To study mechanisms involved in the sexual differentiation of the rat brain, the expression of the protein product of the proto-oncogene c-raf-1 (Raf-1) was examined. Biochemical and immunocytochemical analyses localized Raf-1 in embryonic rat brain regions and demonstrated hormonally induced changes in Raf-1 expression. For this study an affinity-purified anti-peptide antiserum specific for Raf-1 (NH-44) was used. Western blots revealed an approximately 77 kD polypeptide isolated in the cytosol of developing rat brains. Raf-1 levels were highest in the embryonic (E) day 22 female hypothalamus (HYP), and approximately twofold higher than levels detected in male HYP at E22 as determined by quantitative protein dot blot and semiquantitative Western blot analyses.
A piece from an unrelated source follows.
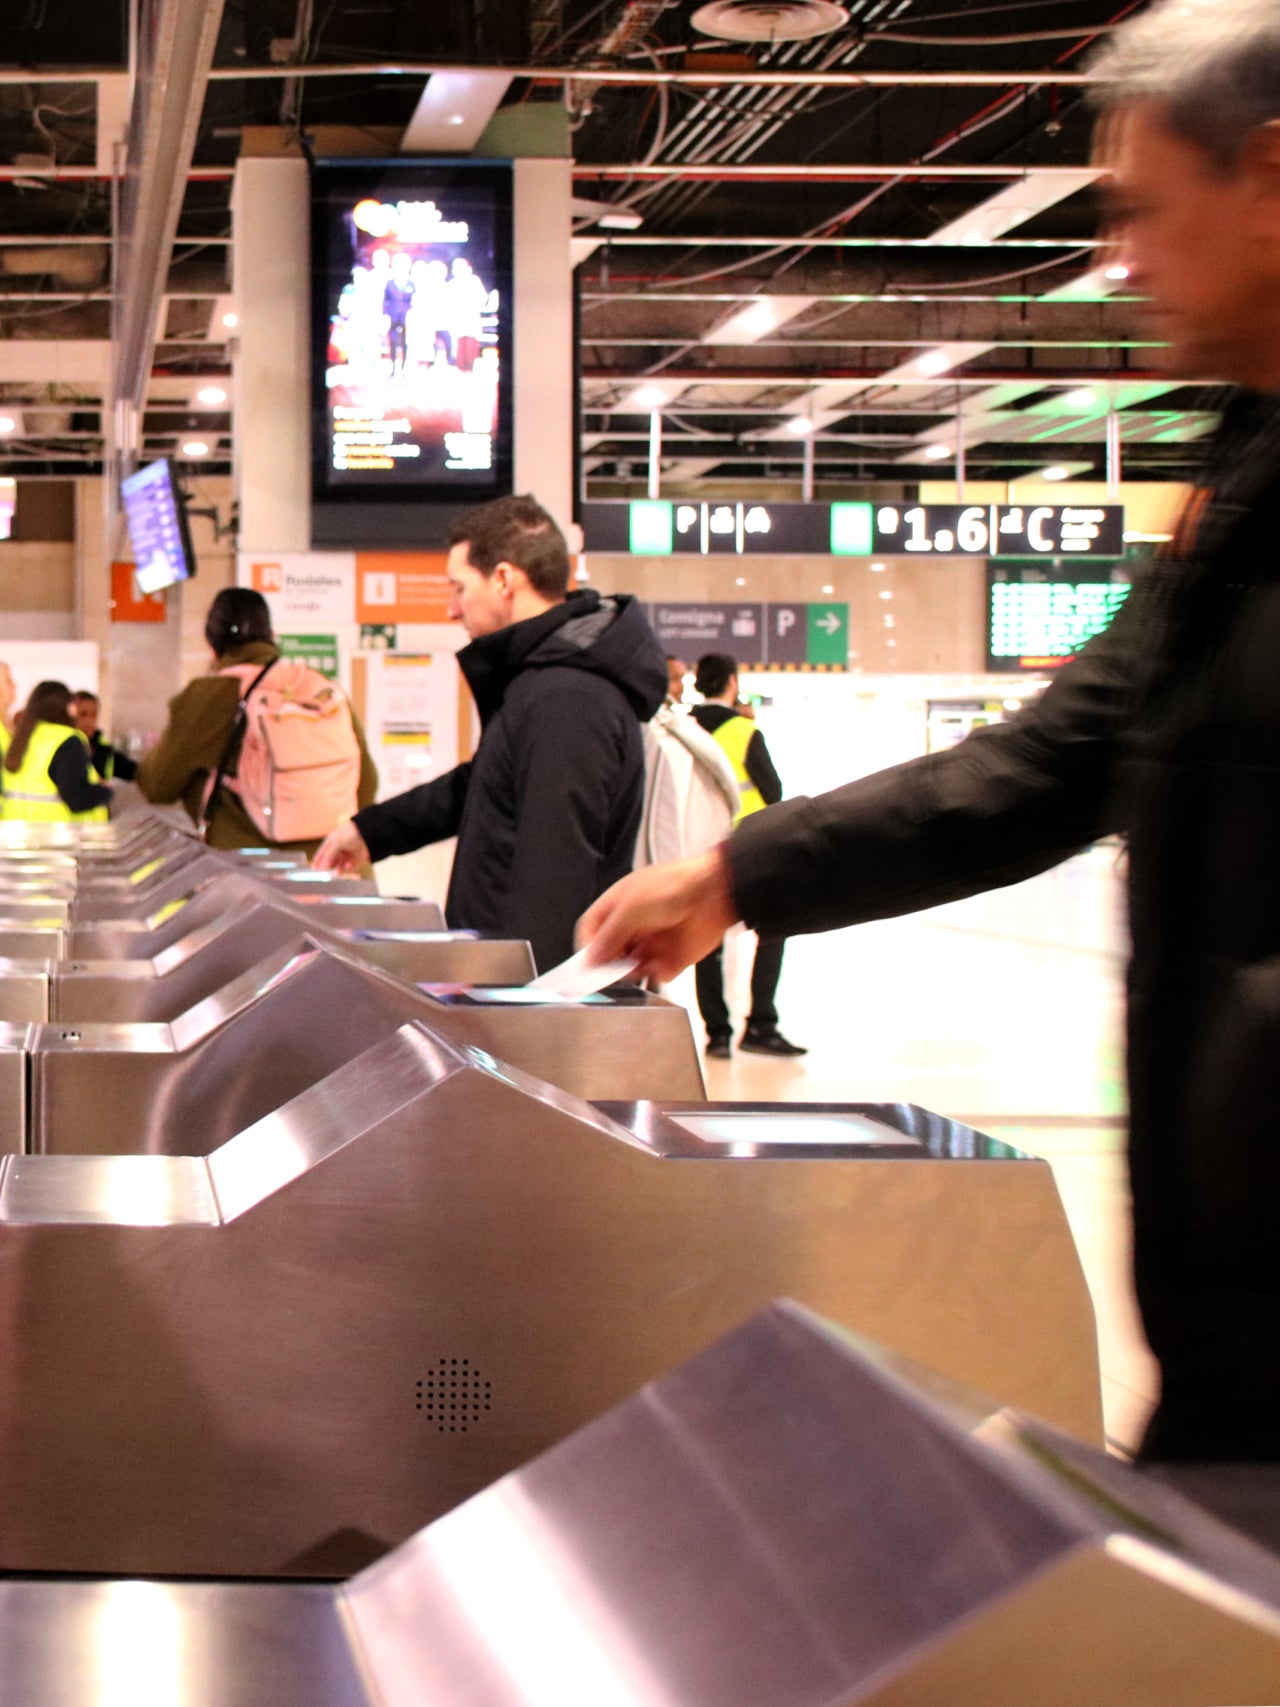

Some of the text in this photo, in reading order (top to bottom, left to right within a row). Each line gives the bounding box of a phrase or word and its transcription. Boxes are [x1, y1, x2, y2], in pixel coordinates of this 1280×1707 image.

[677, 506, 697, 533] P
[1027, 507, 1054, 551] C
[777, 609, 796, 636] P
Raf-1 levels in HYP were greater than those in either brain stem (BS) or cortex. Immunocytochemical analysis revealed high levels of Raf-1 in selective brain regions (e.g., the ventromedial nucleus in the HYP, the mitral cell layers in the main and accessory olfactory bulbs (OB), and the locus coeruleus) at E22 and postnatal (P) day 1. Lower levels of immunoreactivity were observed in many areas of the perinatal neuraxis. To test hormonal regulation of Raf-1, testosterone propionate (TP) was administered to pregnant rats on E17; male and female fetuses were examined on E22. This treatment significantly decreased Raf-1 levels in female HYP, but not in male HYP, as determined by Western blot analysis. No significant sex difference or response to prenatal hormone treatments were observed in either brain stem or cortex. No significant sex difference was noted postnatally, and administration of TP 3 h after birth did not change Raf-1 levels examined 24 h later. In summary, Raf-1 was localized within selective regions of the rat brain, and its expression was altered by exogenous prenatal hormonal stimulation. One role for Raf-1 in signal transduction may be to delimit hormonal critical periods in sexual differentiation of the brain.